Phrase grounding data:

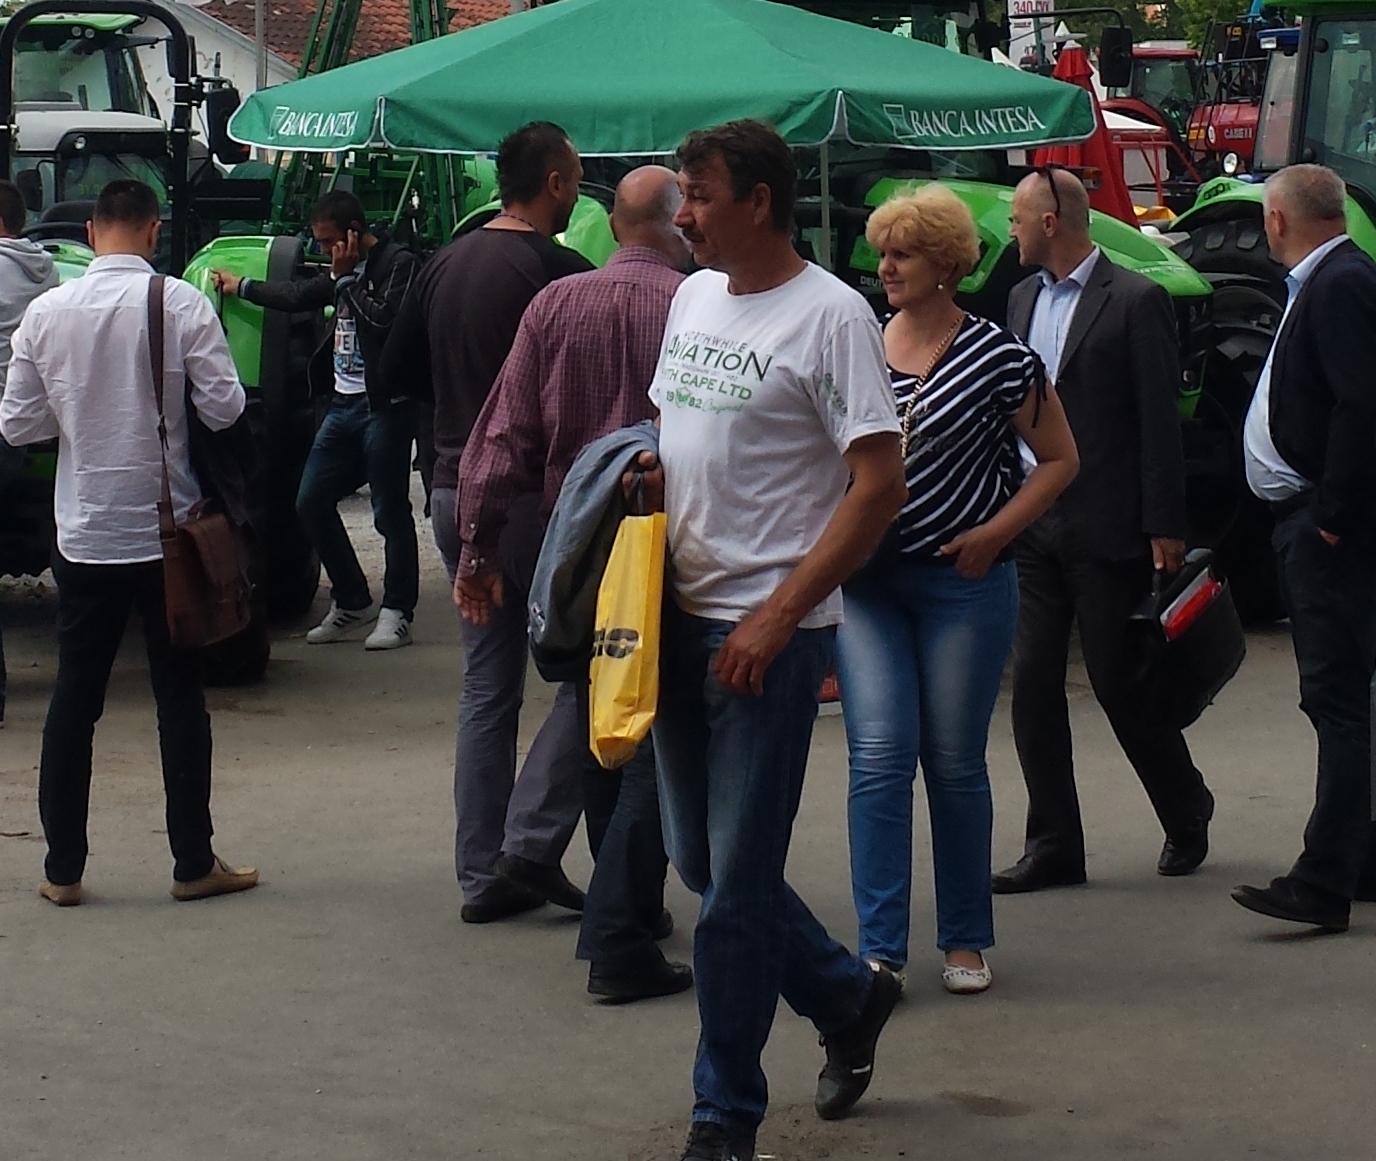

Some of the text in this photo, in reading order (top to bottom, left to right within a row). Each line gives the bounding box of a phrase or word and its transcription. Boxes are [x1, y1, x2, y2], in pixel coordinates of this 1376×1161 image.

[909, 105, 1047, 138] BANCA INTESA
[860, 275, 883, 288] DEUT
[680, 372, 718, 391] CAPE
[719, 380, 753, 401] LTD
[688, 397, 702, 409] 82

● **Problem to solve**
Reproduce the records above exactly, leaving out every picture they contain.

● **Solution to this exercise**
Some of the text in this photo, in reading order (top to bottom, left to right within a row). Each line gives the bounding box of a phrase or word and its transcription. Boxes are [x1, y1, x2, y2], in pixel coordinates of this 1376×1161 image.

[909, 105, 1047, 138] BANCA INTESA
[860, 275, 883, 288] DEUT
[680, 372, 718, 391] CAPE
[719, 380, 753, 401] LTD
[688, 397, 702, 409] 82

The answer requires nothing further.